On Thu 19/Aug/2021 20:36:08 +0200 Alessandro Vesely wrote:
Now it's about dinner time and I'm not willing to program a binary
distribution for a decently high number of trials.
Today I took the time to compute it. Consider the values of k that
are acceptable up to a rounding error. That is, for pct=20 and n = 10
we have k = 1, 2. Both values of k approximate the expected
percentage, so we consider their sum as the probability that the
result of applying the specified algorithm is acceptable. As n grows,
so grow the acceptable k's. The results are as follows:
n | low k | high k | probability that the result of applying
| | | the specified algorithm is acceptable
-------+-------+--------+-------------------------------------
10 | 1 | 2 | 0.570425
100 | 15 | 24 | 0.788203
1000 | 150 | 249 | 0.999913
10000 | 1500 | 2499 | 1.000000
That proves that as the number of failed DMARC checks raises, the
specified algorithm tends to deliver the exact result.
I attach a program to compute those figures in case anyone likes to
review its correctness.
Best
Ale
--
// compute the sum of probabilities that get rounded to pct=20 for higher values of n.
// For example, for n = 100, and k = 15, 16, ..., 24, k/n ~ 0.2 when rounded to 1st digit.

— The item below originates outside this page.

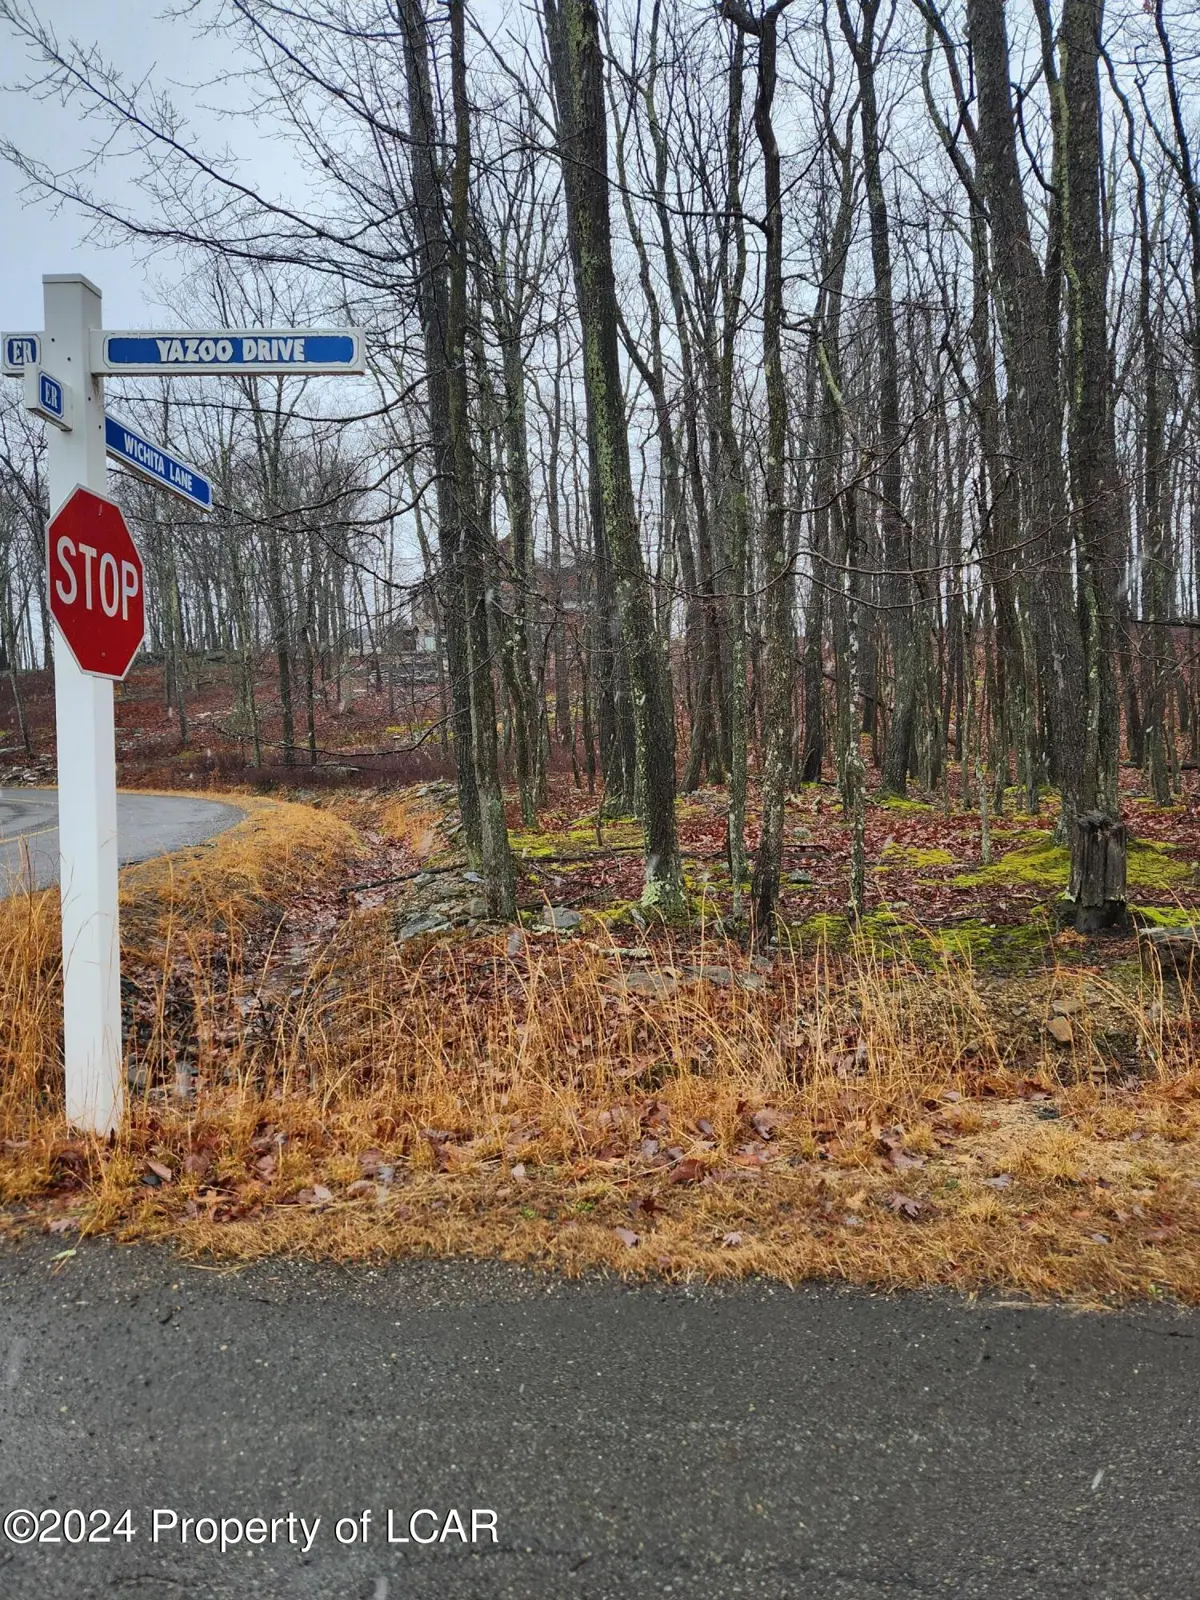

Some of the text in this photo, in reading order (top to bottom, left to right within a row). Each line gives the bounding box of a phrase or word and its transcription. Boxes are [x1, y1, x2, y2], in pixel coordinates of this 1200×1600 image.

[156, 338, 305, 362] YAZOO DRIVE
[124, 432, 193, 491] WICHITA LANE
[55, 535, 139, 621] STOP

// For n = 1000, consider k = 150, 151, ..., 249, as k/n ~ 0.2 when rounded to two digits.
#include <stdio.h>
#include <stdlib.h>
#include <math.h>
static inline double lbinomial(int n, int k)
{
// compute log(C(n,k)) using gamma function
// after C(n,k) = exp(lgamma(n+1) - lgamma(k+1) -lgamma(n-k+1))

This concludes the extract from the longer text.